Moniz Bandeira, autor do livro Argentina-Brasil: O Processo de Integração da América Latina, defende que, por mais que as relações diplomáticas entre Brasil e Argentina estivessem desgastadas durante a década de 1980, seria improvável chegar às vias de fato. “O conflito bélico entre os dois países não aconteceria. São economias fortes da América Latina e países vizinhos que devem ter uma relação forte e estreita”.

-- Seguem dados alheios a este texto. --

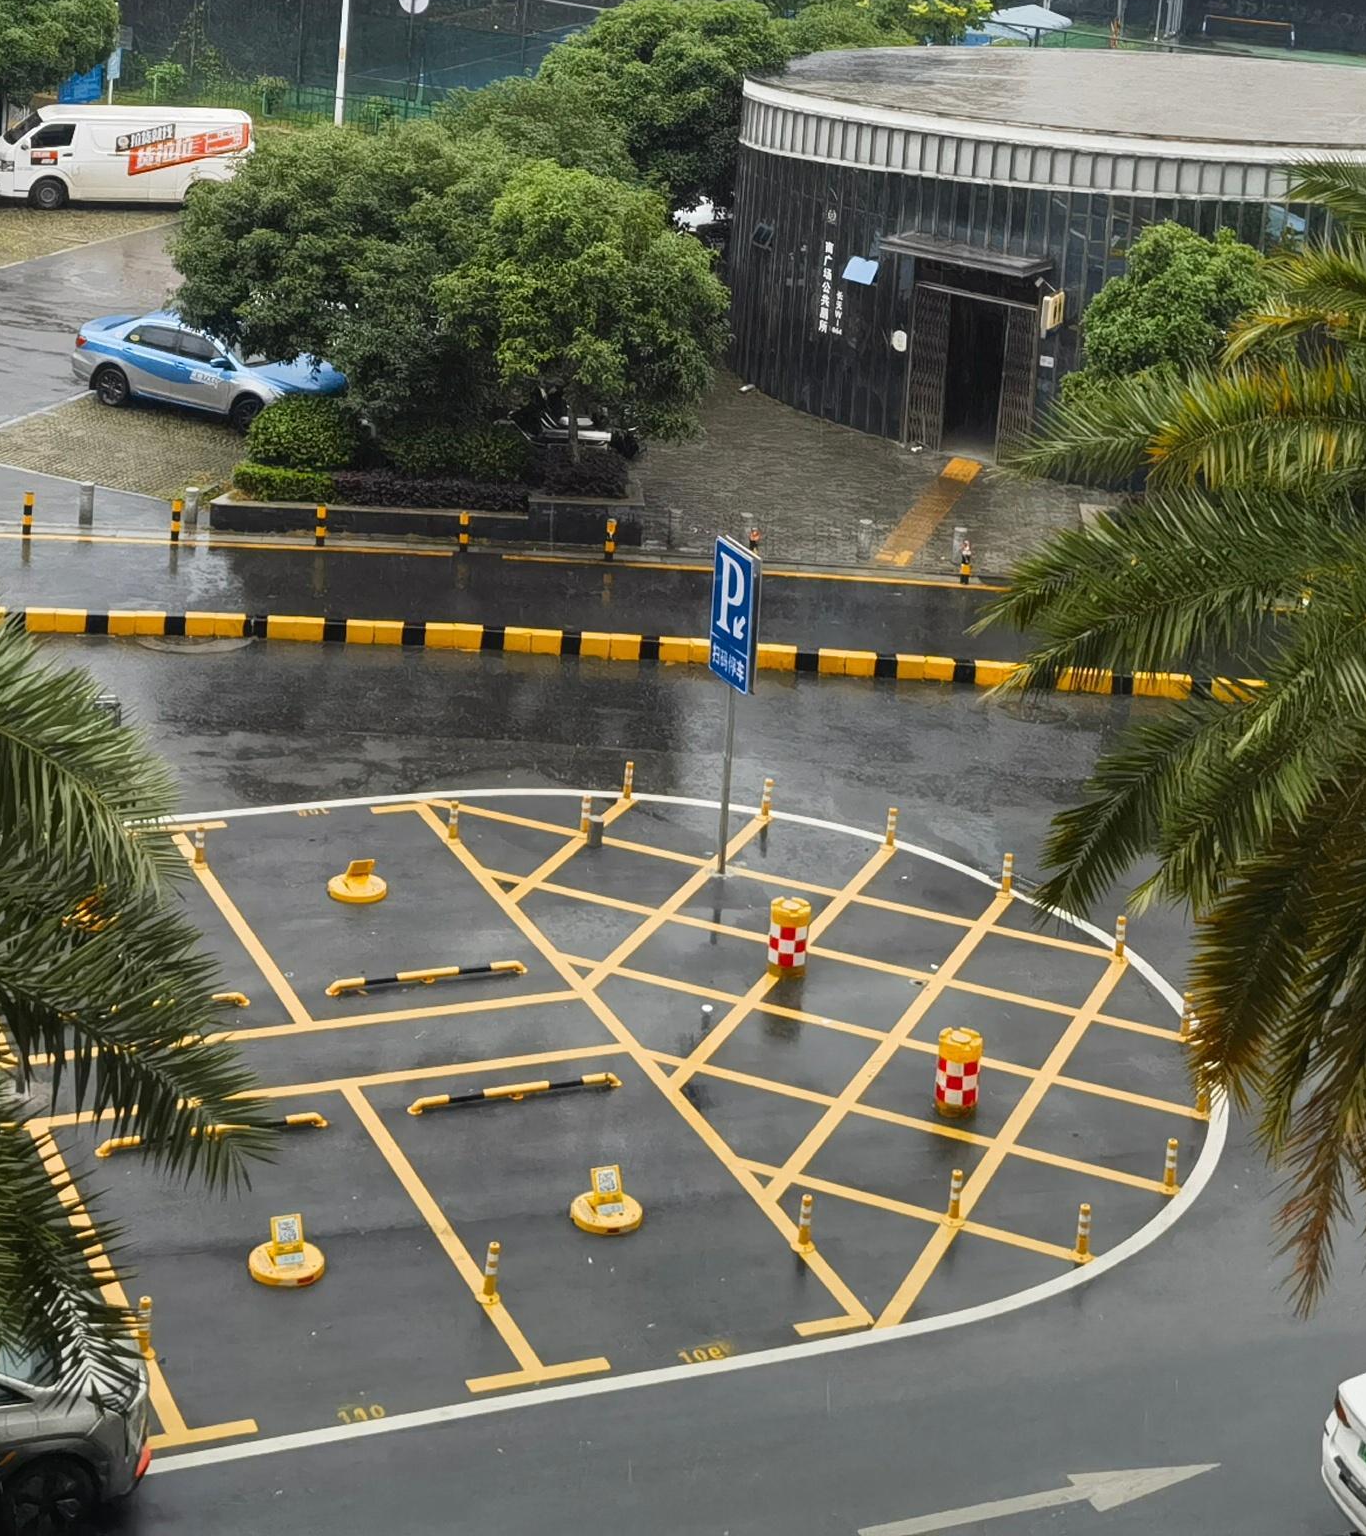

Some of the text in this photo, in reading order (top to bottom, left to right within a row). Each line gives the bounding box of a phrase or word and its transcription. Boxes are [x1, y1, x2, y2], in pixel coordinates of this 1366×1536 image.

Neste ponto, Coggiola concorda. Brasil e Argentina, diz ele, nunca estiveram perto de um conflito armado, pois nunca houve mobilização de tropas. “O que havia era uma campanha ideológica que tinha como objetivo fortalecer os exércitos dos países”.
Ditadura
Sobre o papel de Alfonsín na retomada da democracia, Coggiola faz a ressalva de que o ex-presidente não fez efetivamente parte da oposição ao regime militar. “Antes da Guerra das Malvinas, só quando o regime já estava sem apoio e a redemocratização estava legitimada, inclusive pelos Estados Unidos, Alfonsín se posicionou contra o fim da ditadura”.

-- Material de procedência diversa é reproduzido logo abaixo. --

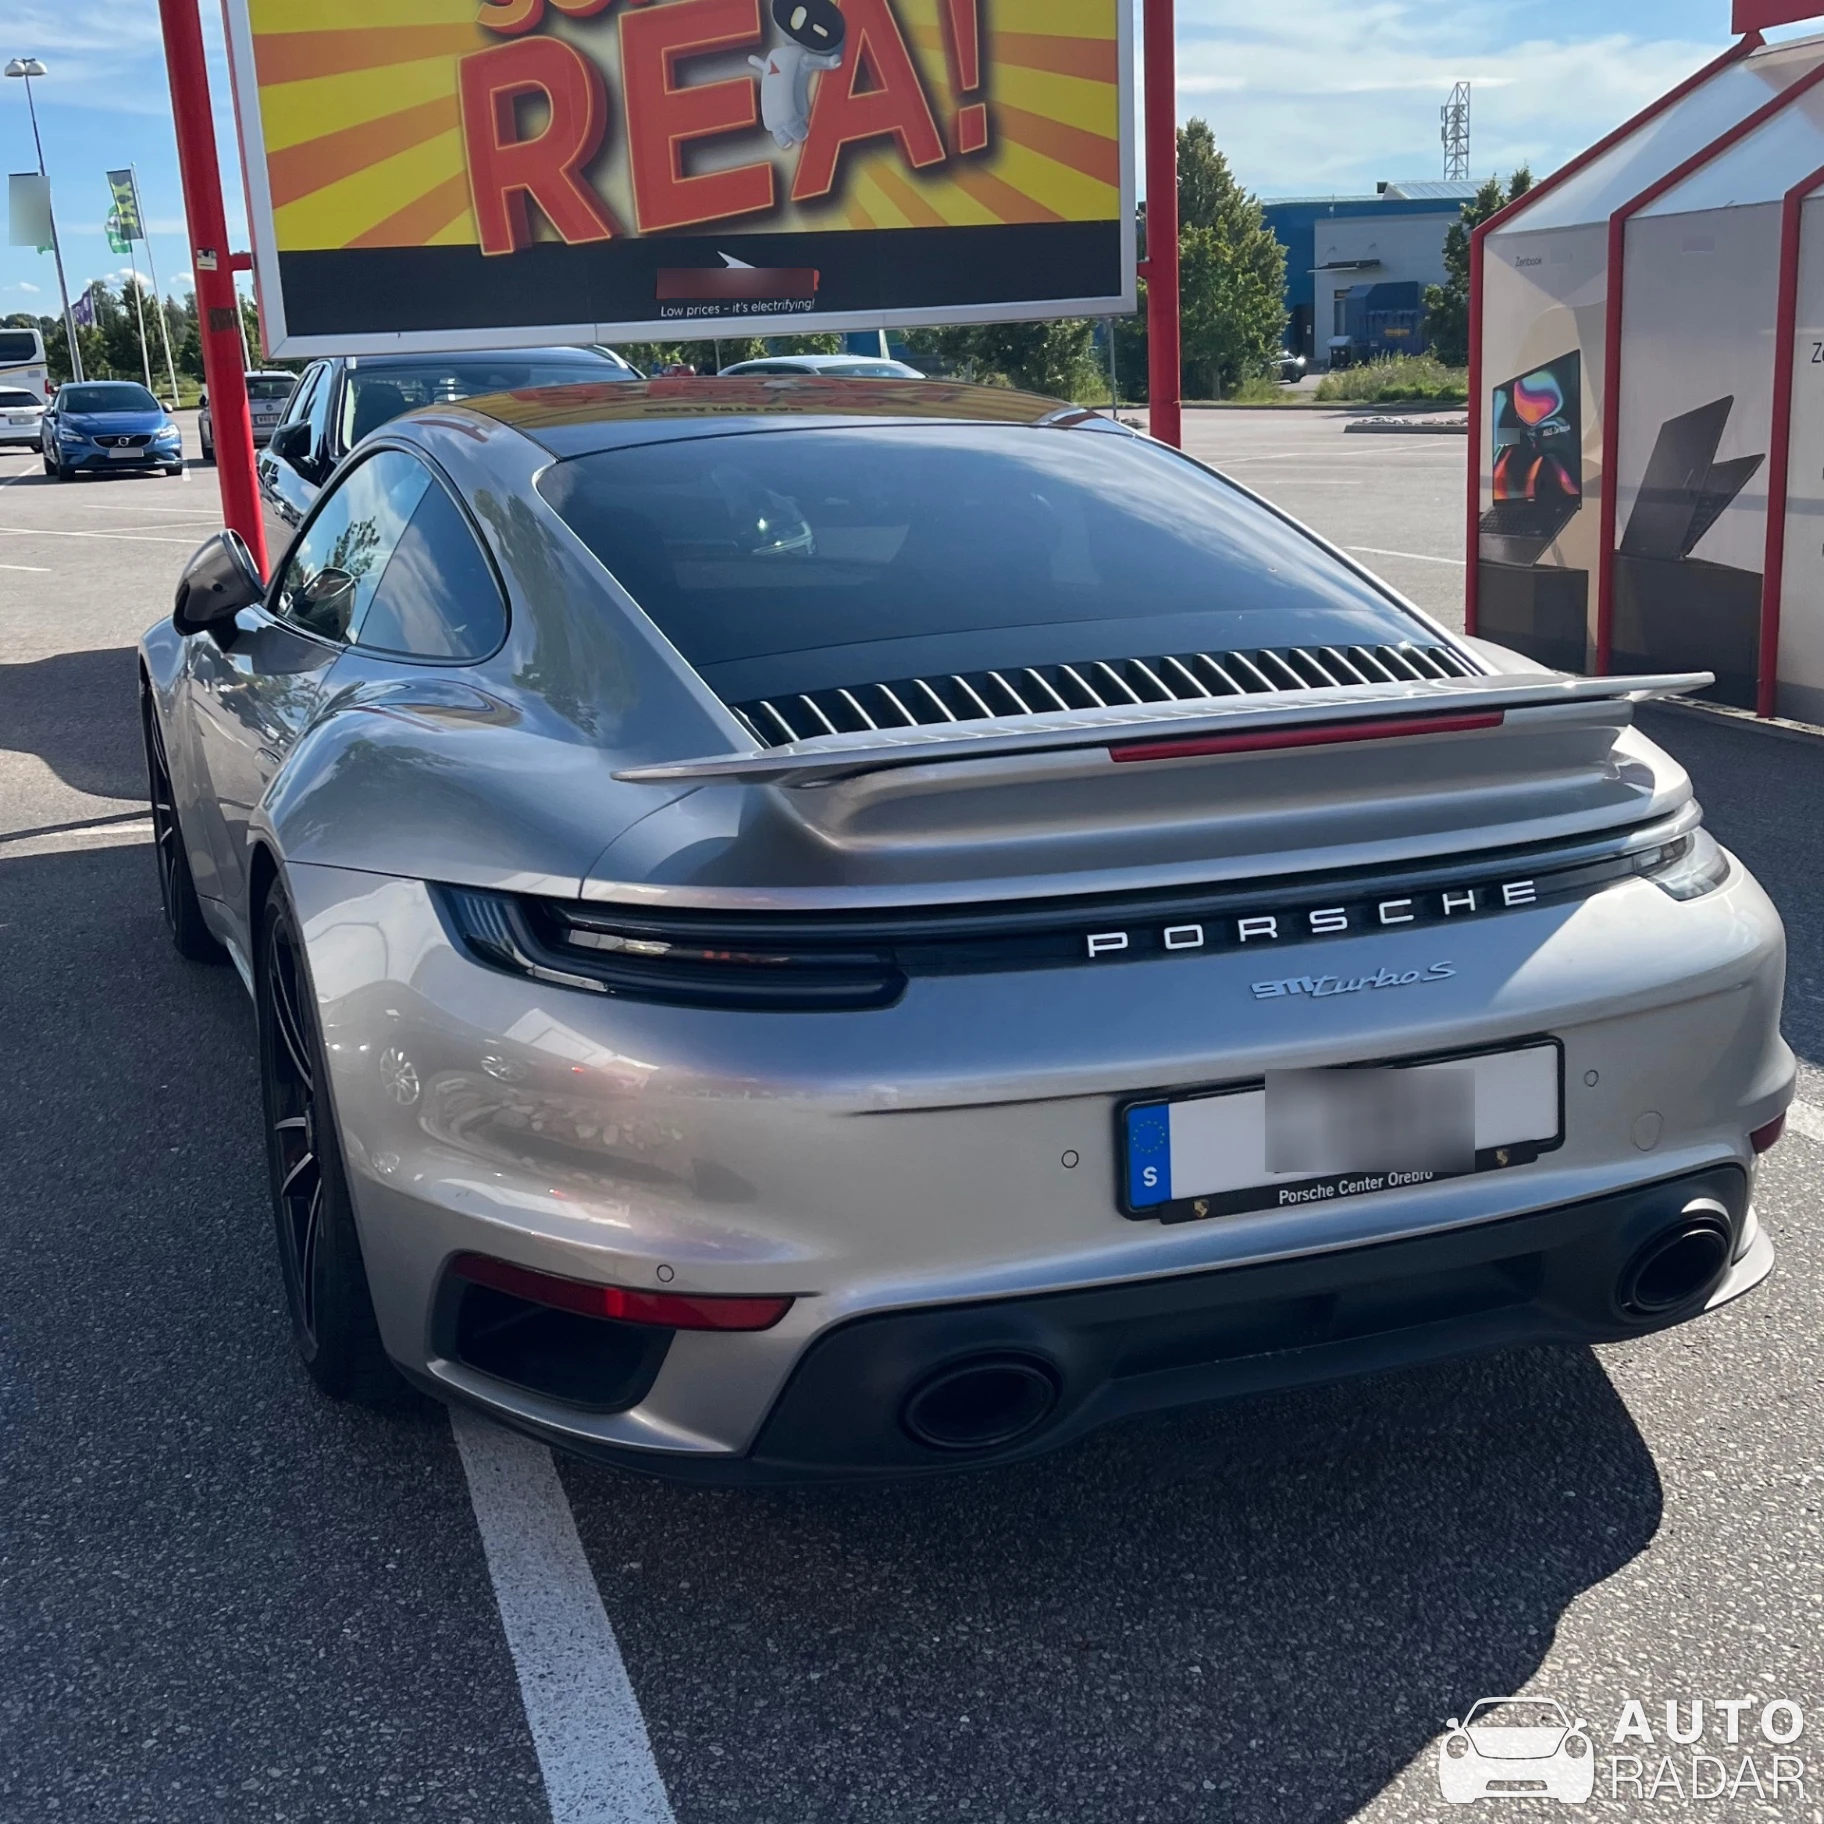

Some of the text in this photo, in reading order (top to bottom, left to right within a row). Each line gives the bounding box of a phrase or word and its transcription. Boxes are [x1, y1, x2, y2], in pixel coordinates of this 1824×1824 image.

[459, 0, 988, 257] REA!
[660, 306, 683, 317] Low
[686, 304, 720, 317] prices
[750, 298, 815, 313] electrifying!
[1087, 880, 1537, 958] PORSCHE
[1251, 975, 1315, 999] 911
[1422, 961, 1457, 981] S
[1142, 1166, 1158, 1188] S
[1279, 1184, 1335, 1205] Porsche
[1338, 1176, 1384, 1195] Center

Na avaliação do historiador, a imagem do regime militar já estava desgastada e o conflito nas Malvinas, em 1982, contribuiu para aumentar a pressão pela abertura democrática, que já existia. Foi nesse contexto que o ex-presidente apareceu como a figura política da redemocratização.
Coggiola lembra também que Alfonsín era membro da UCR (União Cívica Radical), partido que, em sua maioria, apoiou o golpe militar. E exercia um papel de ponte entre os civis e os militares, tendo encontros freqüentes com o ministro do Interior, Jorge Arguindegui. “A ligação de Alfonsín e Arguindegui era uma janela que o regime queria manter aberta com os partidos políticos enquanto o regime fazia uma grande opressão”.
Políticos argentinos, no entanto, disseram que Alfonsín teve um papel fundamental na redemocratização. Um deles foi o atual subsecretário geral da Presidência, Gustavo López, da União Cívica Radical. “É o pai refundador da democracia argentina. Em 1983, não só estava em disputa uma eleição, mas um modelo de democracia que o país adotaria: se seria construído sobre a impunidade ou sobre o julgamento dos crimes berrantes cometidos pela ditadura”, afirmou.